Y diablos, cómo cambia una habitación, aunque nadie haya movido un solo mueble y sólo hayan recogido el rosario que se me quedó tirado por el suelo, seguro… Habituales, tan poco estudiadas como sean las cosas, y Carlitos lo estaba constatando en silencio, siempre se las arreglan para impresionarte, aunque tan sólo las hayas abandonado hace unos meses. Y no porque las hayan movido de su sitio, sino, digamos, más profundamente aún, sobre todo cuando hay algún ser adorado y muerto por los alrededores. Las cosas sencillamente poseen su manera muy especial de penetrarnos más tristemente, más profundamente y más tiernamente que antes, que cuando vivíamos con ellas. Las cosas, caray, como que se funden y confunden con la muerte de la abuela Isabel y la visita que uno les hace, y que tiene ese también de muerte que todos llevamos dentro, y que parece crecer día a día en nosotros, como si cada vez nos defendiéramos con un poquito más de miedo de ellas que la víspera. Estos mismos muebles de mi dormitorio son, mira tú, la vida misma, la vida misma y los mismos muebles a los diecisiete años y la abuelita muerta y uno defendiéndose bastante menos valientemente que hace un tiempo, como si desde que me hubiera ido con Natalia, sido tan feliz, soy tan feliz con ella, la vida entera se arrugara ante mis ojos, por culpa de las mismas cosas que uno abandonó banales, más un rosario tirado en el suelo, claro, impresionantes, sin embargo, incluso temibles en determinados momentos, ahora por ejemplo. Qué horror, Natalia, mi adorada Natalia, el miedo que tuve al irme contigo, al irme de mi casa y Cristi y Marisol, el miedo de haber perdido todo aquello, Natalia de mi corazón, que no te lo digo hace años, por temor a que suene ramplón, ha marcado todo en mi dormitorio con sus arrugas mientras yo galopaba por la vida entre nuestro huerto y nuestro amor… Y bueno, también, claro, los mellizos aspirantes que también se han colado entre las cosas, ridiculamente mortales o qué sé yo…

Carlitos corrió a llamar a Natalia, le contó lo linda que estaba la abuela, ahora ya de muerta, le dijo que la noche la pasaría acompañándola, que acababa de estar largo y tendido con ella, poniéndose al día, y que ahora iba a aprovechar un rato para estar también con sus hermanas y después meterse en la repostería como quien va a buscar algo en la refrigeradora, una Coca-Cola, por ejemplo, que era cuando Víctor y Manuel y los demás empleados de la casa se acercaban por ahí, y, desde que él era chico, se armaba la gran conversa y eso. Y mañana al cementerio, sí, el Presbítero Maestro, sí, y de ahí te juro por lo más sagrado, Natalia, que regreso a «El huerto de mi amada». ¿Me oíste bien? ¿Me crees, verdad? ¿Cómo…? Pues sí. Por lo menos la abuela Isabel está totalmente a favor y hasta me preguntó hace un momento nomás si te había traído… «Atroces diecisiete años, pero sabe hacer feliz a una señora de treinta y tres», pensó Natalia, tratando de recordar cómo era aquello de su cabellera vaporosa y ondulada bajo una luna permanente… No, no lo lograba… Eran cosas de Carlitos… Sólo suyas… Sólo… Entonces cruzó los dedos y fue a ocuparse de sus papeleos y demás trámites aduaneros.

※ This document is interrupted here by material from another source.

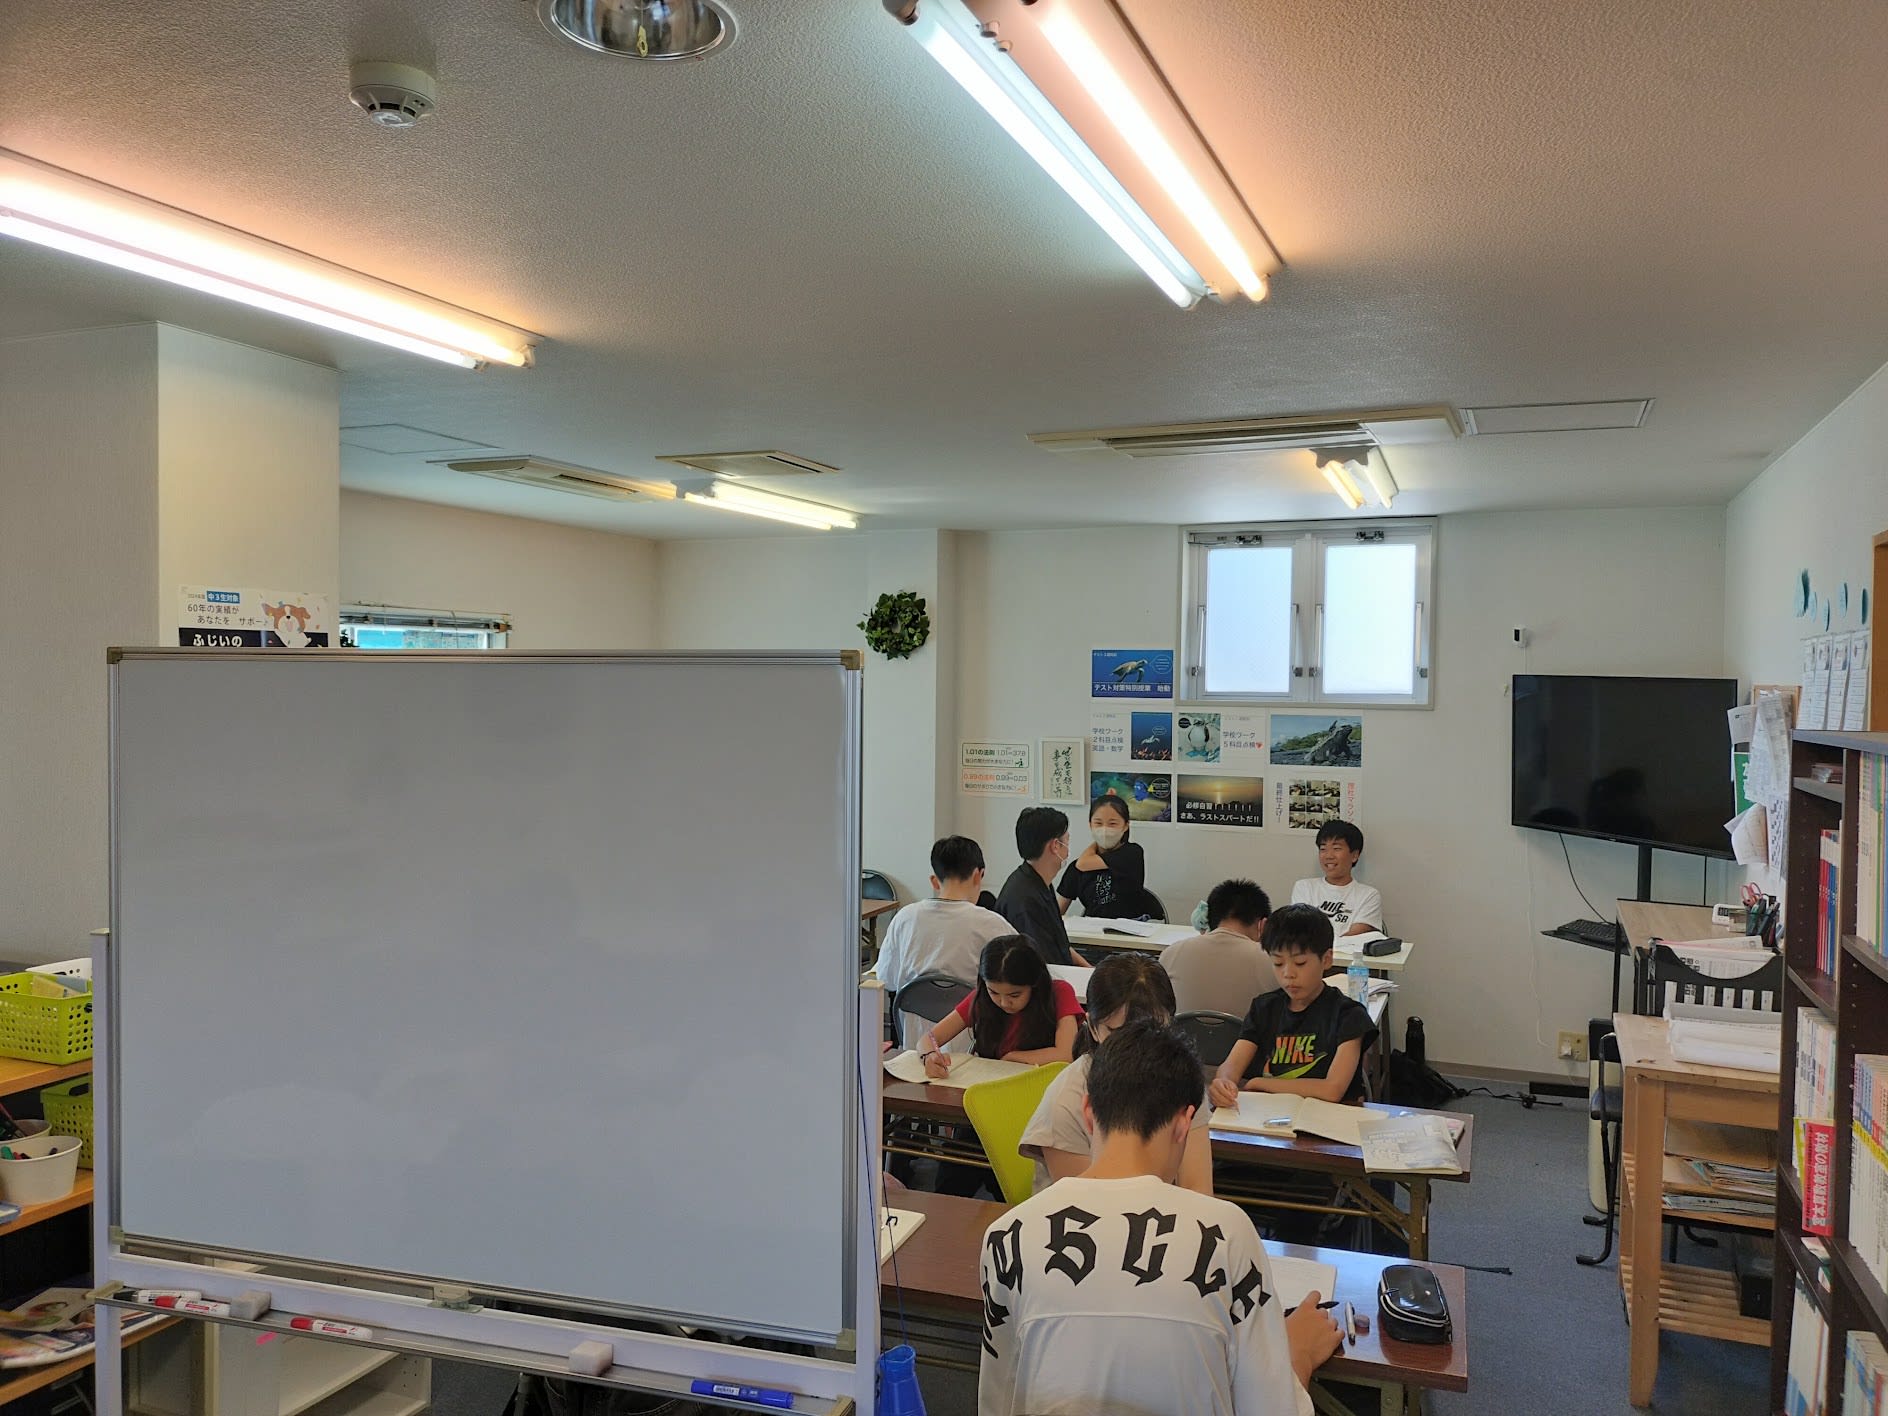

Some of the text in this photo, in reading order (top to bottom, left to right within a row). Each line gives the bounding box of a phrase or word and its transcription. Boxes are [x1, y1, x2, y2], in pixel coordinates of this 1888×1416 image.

En el cementerio todo el mundo andaba con cara de qué horror, qué pena, pero nadie ahí sabía qué hacer cuando se topaba con los deudos de otro entierro, porque hay tristezas y tristezas, oiga usted, respetando, eso sí. Y entre tanto nicho y panteón y las alamedas, que resultaban ya estrechas de tan concurridas, el luto y el húmedo calor veraniego eran la tónica general, incomodísima, por cierto, y los hombres a cada rato se metían íntegro el dedo índice en el cuello de la camisa, como si éste fuera elástico, y le daban toda una vuelta por dentro, retorciendo al mismo tiempo el pescuezo, en busca de ventilación, y odiando la maldita corbata negra, la gente debería morirse sólo en invierno, caray, qué falta de sensatez, qué falta de todo, y ya me dirás tú qué hago yo aquí y no en mi casa de playa en Naplo.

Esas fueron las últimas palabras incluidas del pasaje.